North Korea talks tougher  - North Korea tests a nuclear bomb.  South Korea is spooked and joins a US-led international plan called the Proliferation Security Initiative, which proposes to stop any transport of unauthorized nuclear materials by ship (i.e., a form of blockade). North Korea gets really steamed, calls this action a violation of the 1953 armistice that ended (paused?) the Korean War, and says it will no longer honor the treaty.  On the brink, instantly.  Will anyone pay attention?  After all it seems that North Korea has managed its relationships with just about everyone else save China in an on-the-brink all-the-time manner anyway.  We might end up in a 'boy cries wolf' tale, only with an even grimmer ending than usual.

GM on the Green Mile - Grim endings? The pardon from the Governor hasn't come, and the executioner's got an itchy injection finger.  General Motors may be facing the long walk without a last meal, or last rites.  How could so mighty an institution have come to this?  Chrysler, we can understand.  After all, it's been in big trouble before, but GM?  Truth is, GM and the other American makers have been in court for a while now, barely managing to stay their sentencing.  The economic meltdown delivered a verdict, though, and now the punishment begins.  For all of us ...

Tuesday, May 26, 2009

Judging Sonia

Our President this morning released his pick to replace the retiring Justice David Souter on the Supreme Court.  It's Federal Appellate judge Sonia Sotomayor.  

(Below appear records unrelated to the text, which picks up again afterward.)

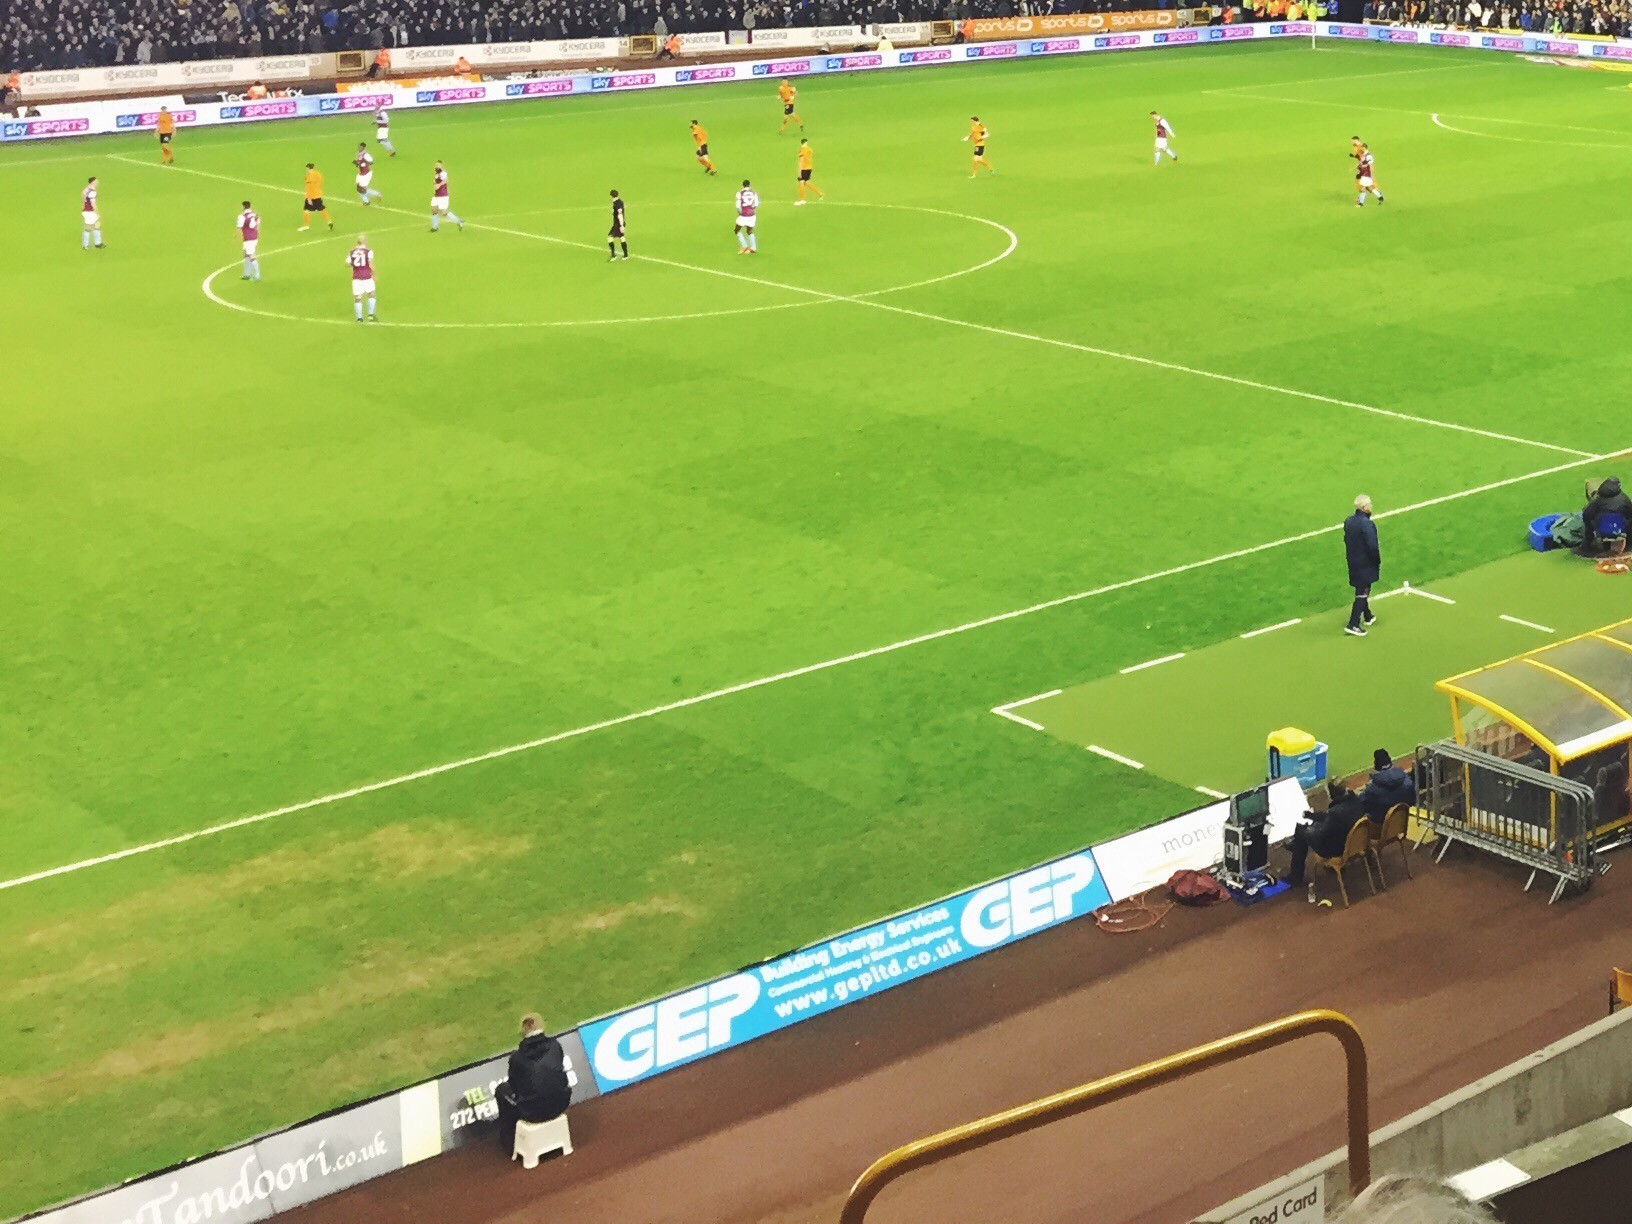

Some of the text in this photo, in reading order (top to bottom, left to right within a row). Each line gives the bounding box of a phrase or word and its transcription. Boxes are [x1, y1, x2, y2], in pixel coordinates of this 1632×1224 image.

[973, 20, 1015, 34] ports
[1040, 16, 1086, 29] sports
[1111, 14, 1155, 26] sports
[828, 56, 881, 69] sky SPORTS
[901, 50, 951, 63] sky SPORTS
[676, 68, 735, 82] sky SPORTS
[753, 61, 810, 75] sky SPORTS
[507, 81, 571, 96] sky SPORTS
[593, 75, 655, 88] sky SPORTS
[321, 95, 392, 111] sky SPORTS
[417, 88, 485, 103] sky SPORTS
[222, 103, 295, 118] sky SPORTS
[5, 120, 87, 137] sky SPORTS
[117, 116, 139, 127] sky
[353, 253, 367, 267] 21
[960, 849, 1095, 947] GEP
[759, 907, 950, 983] Building Energy Services
[774, 938, 962, 1018] www.gepltd.co.uk
[594, 974, 760, 1081] GEP
[450, 1107, 476, 1129] 272
[1282, 1186, 1319, 1219] Card

If confirmed she would be the first Hispanic justice and only the third woman on the top bench.  The pundits are predicting this will make her a difficult target for conservatives anxious to squelch her nomination.  But they are also predicting the conservatives will try anyway, attacking Judge Sotomayor as an 'activist judge'.

I've personally never understood that term.  How much room in the constitution does a justice have for activism anyway?  They can't make an entirely new law.   They can't fundamentally change an existing law to bring about a dramatically different result.  

Judges, however, can overturn a law if they find it is unconstitutional. And, in some cases, judges can 'interpret' the meaning and intent of a law and use that interpretation to decide the case outcome.  In these situations political bias towards 'conservative' or 'liberal' can have an effect, but is this 'activism'?  

You can reasonably expect prospective justice Sotomayor to be liberal.  Otherwise President Obama wouldn't have considered her to replace Souter.  But an activist?  No more so that Clarence Thomas is an activist, or Antonin Scalia.  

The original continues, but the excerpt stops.